Si tratta di una discreta esecuzione; risulta un po’ confusa in alcuni passaggi, come ad esempio nelle ultime battute della prima e della terza parte, precipitose, in cui non sempre si riesce a seguire ogni voce col suo percorso unico e particolareggiato; questo difetto limita le sensazioni che si possono provare all’ascolto: si rimane troppo in sospeso. Nella più recente registrazione digitale (439 008-2, serie Karajan Gold) non c’è questo problema, anzi si può dire che quella sia una delle esecuzioni più "nitide". Tornando alla presente incisione, anche in questo caso tra le percussioni non è presente il gong, come già notato nel Boléro.

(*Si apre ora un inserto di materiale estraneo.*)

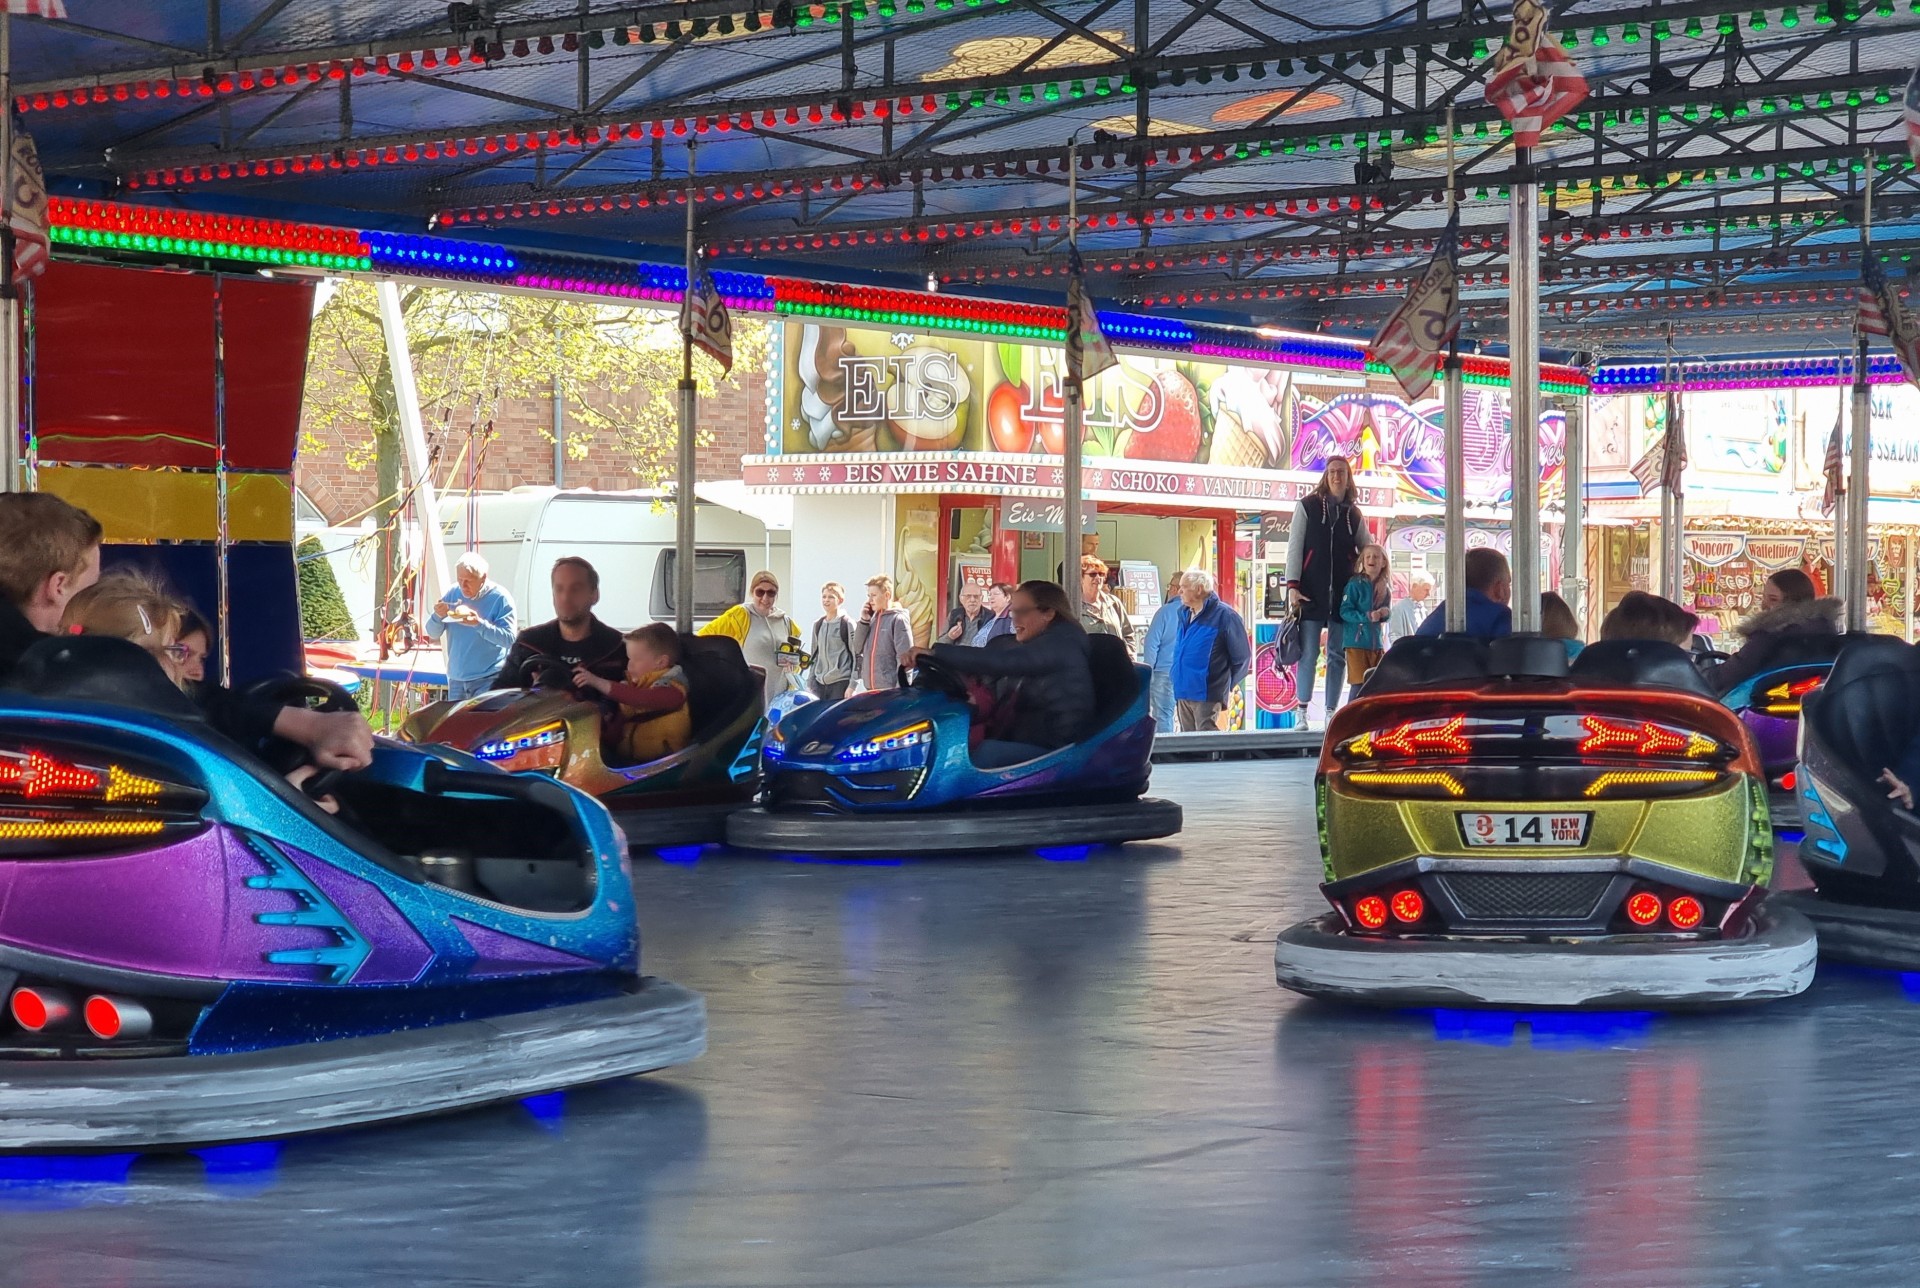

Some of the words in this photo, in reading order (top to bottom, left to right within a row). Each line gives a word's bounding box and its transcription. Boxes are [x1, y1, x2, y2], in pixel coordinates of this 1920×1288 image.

[838, 352, 959, 421] EIS
[844, 463, 883, 483] EIS
[888, 462, 941, 482] WIE
[945, 462, 1037, 485] SAHNE
[1110, 470, 1179, 493] SCHOKO
[1202, 477, 1272, 500] VANILLE
[1008, 502, 1088, 526] Eis-Mr
[1691, 540, 1734, 558] Popcorn
[1748, 543, 1799, 560] Waffeltüten
[1505, 816, 1544, 843] 14
[1551, 818, 1580, 829] NEW
[1551, 829, 1580, 841] YORK
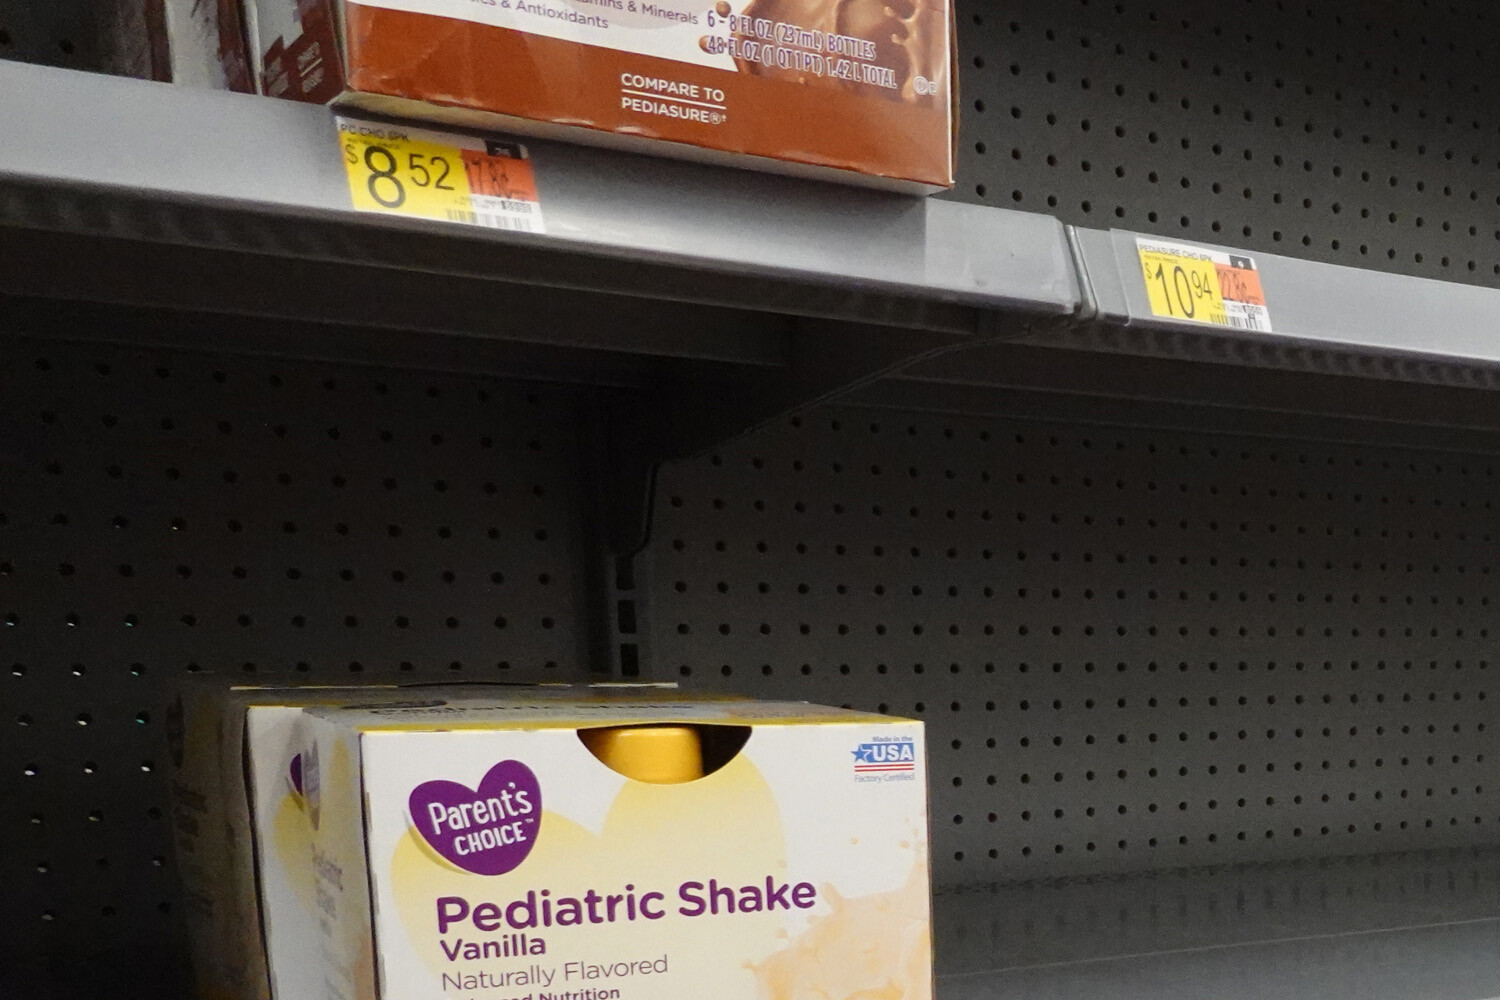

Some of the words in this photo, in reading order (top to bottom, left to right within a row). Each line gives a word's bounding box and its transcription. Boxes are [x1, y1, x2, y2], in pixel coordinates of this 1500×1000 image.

[516, 1, 609, 29] Antioxidants
[642, 5, 699, 25] Minerals
[707, 14, 716, 28] 6
[729, 16, 738, 32] 8
[827, 36, 876, 61] BOTTLES
[707, 35, 725, 55] 48
[861, 65, 898, 90] TOTAL
[621, 73, 699, 98] COMPARE
[703, 87, 725, 102] TO
[872, 744, 914, 762] USA
[428, 780, 533, 836] Parent's
[454, 821, 527, 857] CHOICE
[437, 883, 666, 935] Pediatric
[679, 876, 817, 918] Shake
[440, 932, 547, 963] Vanilla
[442, 964, 556, 992] Naturally
[563, 954, 669, 981] Flavored

Considerazioni puramente tecniche

Tutte le registrazioni presenti sono stereofoniche. Poiché risalgono agli anni 60 (Debussy: 1965; Mussorgsky e Ravel: 1966) è presente un po’ di rumore di fondo avvertibile nei passaggi in cui il suono è più debole (per esempio nelle traccie 6, 7, 19), ma che comunque non compromette l’esperienza di ascolto. La resta stereofonica è ottima, come pure la fedeltà del suono, solo gli acuti mancano un po’ di brillantezza. La dinamica delle registrazioni non ha nulla da invidiare a quella delle moderne registrazioni digitali.
Una nota particolare sul Boléro: tra 1’31" e 1’33" si nota una lieve riduzione nella velocità di riproduzione, che poi torna gradualmente quella corretta; probabilmente ciò è dovuto a un danno (allungamento) nel nastro originale contenente la registrazione ovvero a una meno probabile anomalia di lettura avvenuta durante la digitalizzazione.